[What the task requires] Reproduce the entries that follow exactly. No picture should appear in the result.

[Dataset entries]
Segment Open

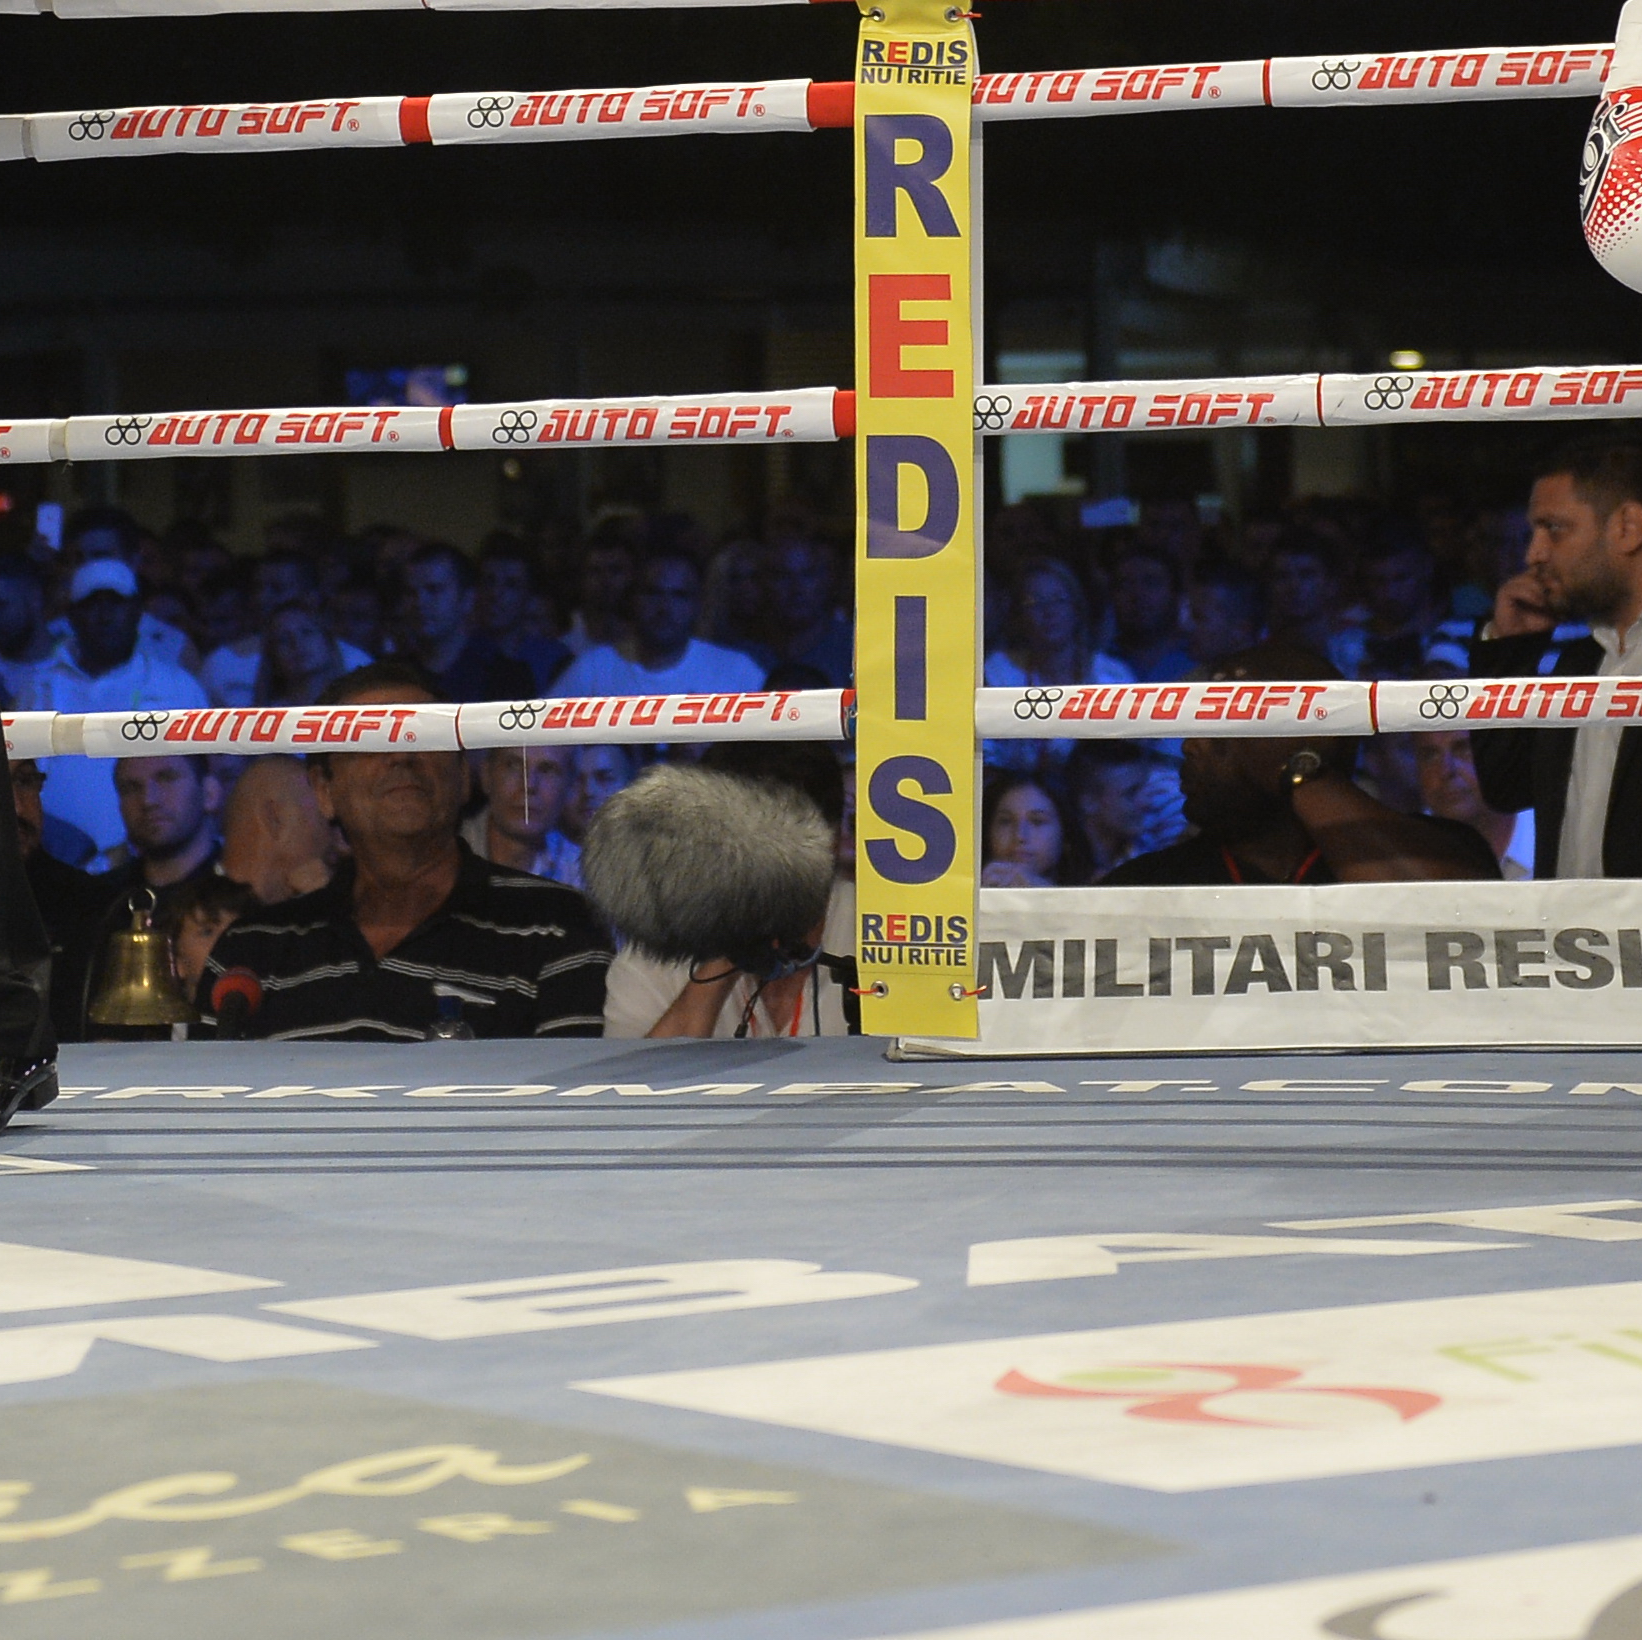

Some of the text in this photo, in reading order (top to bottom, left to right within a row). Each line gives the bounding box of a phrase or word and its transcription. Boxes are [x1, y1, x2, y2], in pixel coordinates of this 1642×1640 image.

[862, 39, 968, 63] REDIS
[861, 64, 966, 85] NUTRITIE
[862, 112, 962, 886] REDIS
[861, 913, 968, 943] REDIS
[861, 944, 967, 967] NUTRITIE
[979, 930, 1390, 1001] MILITARI

Segment Closed

[Result]
Some of the text in this photo, in reading order (top to bottom, left to right within a row). Each line gives the bounding box of a phrase or word and its transcription. Boxes are [x1, y1, x2, y2], in pixel coordinates of this 1642×1640 image.

[862, 39, 968, 63] REDIS
[861, 64, 966, 85] NUTRITIE
[862, 112, 962, 886] REDIS
[861, 913, 968, 943] REDIS
[861, 944, 967, 967] NUTRITIE
[979, 930, 1390, 1001] MILITARI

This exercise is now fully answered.